PROVIDED RECORDS:

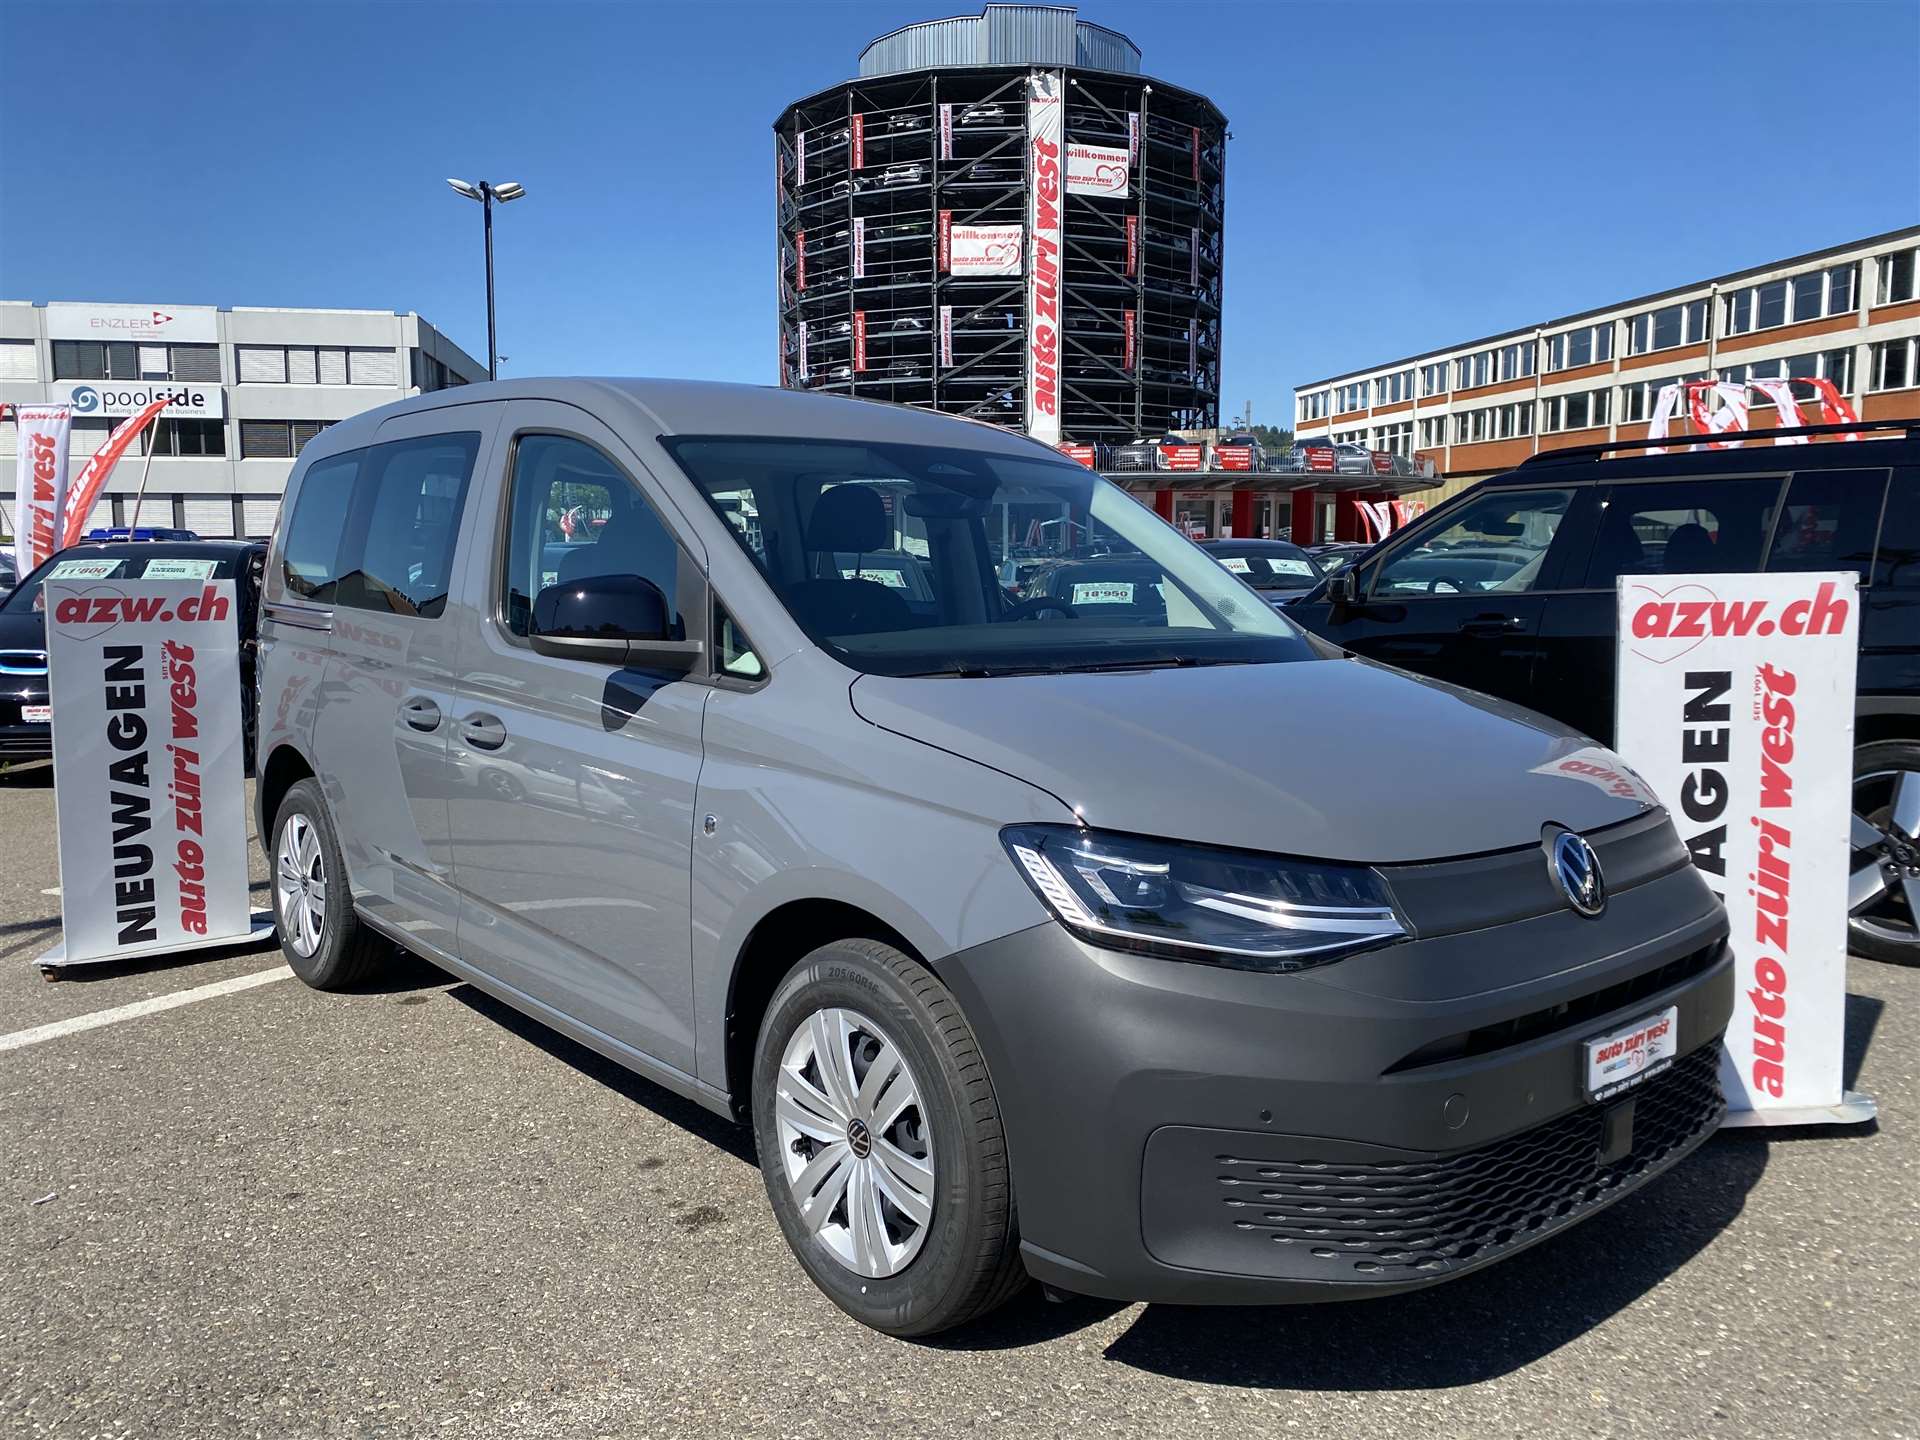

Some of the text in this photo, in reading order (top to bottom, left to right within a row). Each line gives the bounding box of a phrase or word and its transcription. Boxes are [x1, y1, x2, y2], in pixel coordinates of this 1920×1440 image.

[1066, 149, 1128, 162] willkommen
[1031, 136, 1060, 416] auto züri west
[90, 318, 151, 329] ENZLER
[102, 387, 205, 413] poolside
[32, 432, 56, 502] west
[55, 585, 229, 624] azw.ch
[1632, 582, 1849, 639] azw.ch
[1753, 702, 1761, 721] SEIT
[103, 645, 157, 946] NEUWAGEN
[161, 640, 208, 936] auto züri west
[1681, 671, 1733, 904] AGEN
[1746, 661, 1797, 1099] auto züri west
[828, 967, 880, 994] 205/60R16
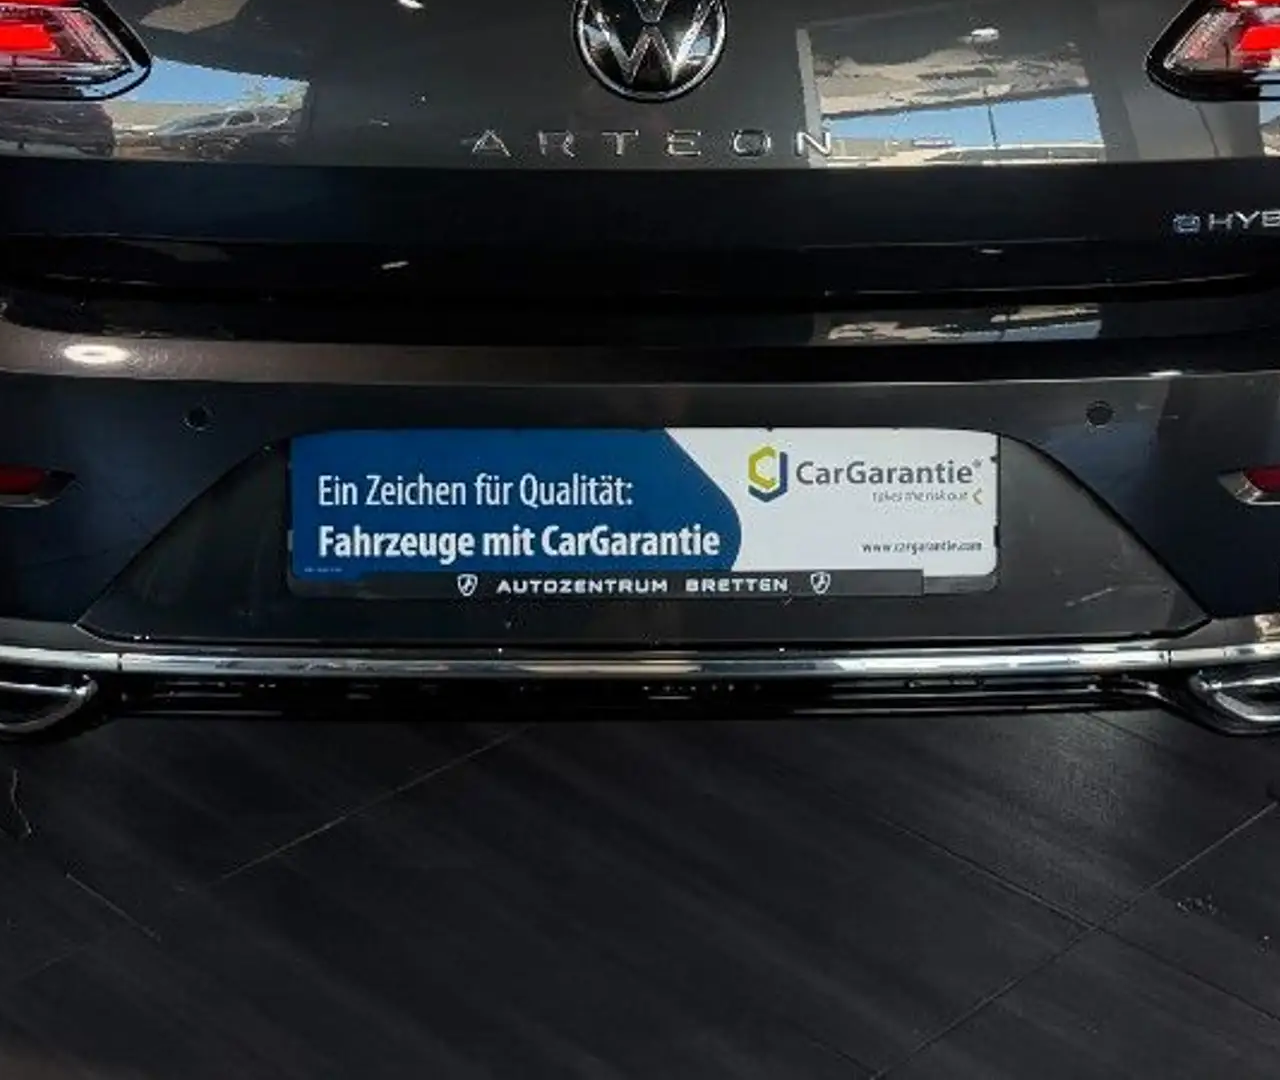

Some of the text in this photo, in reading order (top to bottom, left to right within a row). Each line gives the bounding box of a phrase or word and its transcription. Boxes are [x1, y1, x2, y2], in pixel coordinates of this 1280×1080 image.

[472, 128, 832, 158] ARTEON
[318, 472, 634, 509] Ein Zeichen für Qualität:
[318, 523, 721, 566] Fahrzeuge mit CarGarantie
[495, 577, 789, 594] AUTOZENTRUM BRETTEN
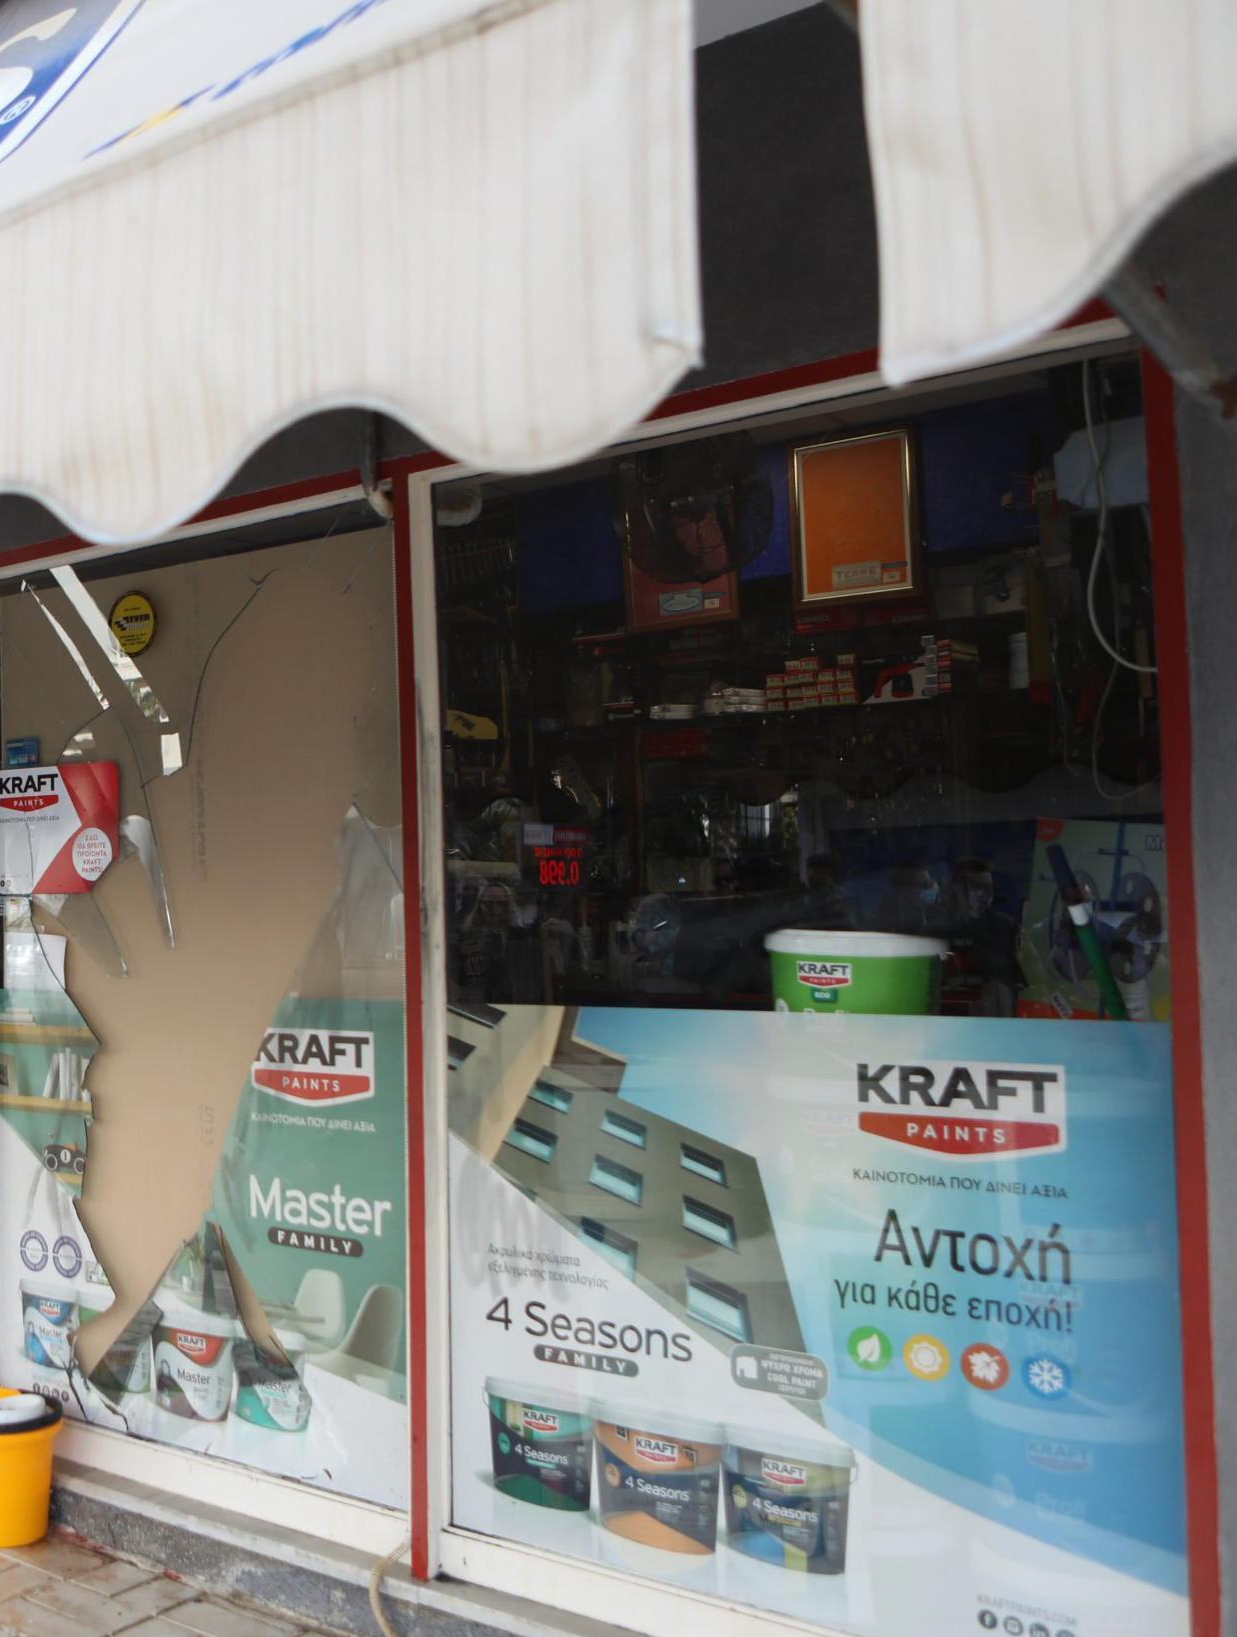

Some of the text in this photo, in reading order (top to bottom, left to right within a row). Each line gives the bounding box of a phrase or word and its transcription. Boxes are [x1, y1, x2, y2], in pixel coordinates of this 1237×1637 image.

[0, 773, 58, 795] KRAFT
[13, 799, 44, 807] PAINTS
[799, 963, 849, 976] KRAFT
[814, 991, 831, 999] ECO
[255, 1033, 369, 1068] KRAFT
[282, 1076, 340, 1092] PAINTS
[857, 1063, 1058, 1113] KRAFT
[307, 1117, 326, 1128] ΠΟΥ
[327, 1119, 352, 1130] ΔΙΝΕΙ
[353, 1121, 375, 1132] ΑΞΙΑ
[907, 1122, 1006, 1144] PAINTS
[853, 1168, 1068, 1199] ΚΑΙΝΟΤΟΜΙΑ ΠΟΥ ΔΙΝΕΙ ΑΞΙΑ
[249, 1173, 392, 1237] Master
[277, 1230, 352, 1254] FAMILY
[874, 1208, 1071, 1286] Αντοχή
[534, 1250, 581, 1268] χρώματα
[487, 1259, 609, 1290] εξελιγμένης τεχνολογίας
[834, 1278, 1074, 1334] για κάθε εποχή!
[39, 1325, 63, 1338] Master
[178, 1334, 205, 1347] KRAFT
[486, 1297, 693, 1362] 4 Seasons
[544, 1348, 628, 1373] FAMILY
[177, 1367, 210, 1386] Master
[767, 1372, 816, 1390] COOL PAINT
[523, 1410, 558, 1425] KRAFT
[514, 1443, 568, 1465] 4 Seasons
[635, 1437, 676, 1454] KRAFT
[763, 1460, 805, 1478] KRAFT
[625, 1476, 689, 1501] 4 Seasons
[752, 1498, 818, 1522] 4 Seasons

WHAT THIS TASK INVOLVES: Write out the lines beginning at the line with "this 1280×1080 image." and ending at the last line of the entries. Include no pictures.

RESULT FOR THIS EXERCISE:
Some of the text in this photo, in reading order (top to bottom, left to right within a row). Each line gives the bounding box of a phrase or word and its transcription. Boxes are [x1, y1, x2, y2], in pixel coordinates of this 1280×1080 image.

[472, 128, 832, 158] ARTEON
[318, 472, 634, 509] Ein Zeichen für Qualität:
[318, 523, 721, 566] Fahrzeuge mit CarGarantie
[495, 577, 789, 594] AUTOZENTRUM BRETTEN

Some of the text in this photo, in reading order (top to bottom, left to right within a row). Each line gives the bounding box of a phrase or word and its transcription. Boxes are [x1, y1, x2, y2], in pixel coordinates of this 1237×1637 image.

[0, 773, 58, 795] KRAFT
[13, 799, 44, 807] PAINTS
[799, 963, 849, 976] KRAFT
[814, 991, 831, 999] ECO
[255, 1033, 369, 1068] KRAFT
[282, 1076, 340, 1092] PAINTS
[857, 1063, 1058, 1113] KRAFT
[307, 1117, 326, 1128] ΠΟΥ
[327, 1119, 352, 1130] ΔΙΝΕΙ
[353, 1121, 375, 1132] ΑΞΙΑ
[907, 1122, 1006, 1144] PAINTS
[853, 1168, 1068, 1199] ΚΑΙΝΟΤΟΜΙΑ ΠΟΥ ΔΙΝΕΙ ΑΞΙΑ
[249, 1173, 392, 1237] Master
[277, 1230, 352, 1254] FAMILY
[874, 1208, 1071, 1286] Αντοχή
[534, 1250, 581, 1268] χρώματα
[487, 1259, 609, 1290] εξελιγμένης τεχνολογίας
[834, 1278, 1074, 1334] για κάθε εποχή!
[39, 1325, 63, 1338] Master
[178, 1334, 205, 1347] KRAFT
[486, 1297, 693, 1362] 4 Seasons
[544, 1348, 628, 1373] FAMILY
[177, 1367, 210, 1386] Master
[767, 1372, 816, 1390] COOL PAINT
[523, 1410, 558, 1425] KRAFT
[514, 1443, 568, 1465] 4 Seasons
[635, 1437, 676, 1454] KRAFT
[763, 1460, 805, 1478] KRAFT
[625, 1476, 689, 1501] 4 Seasons
[752, 1498, 818, 1522] 4 Seasons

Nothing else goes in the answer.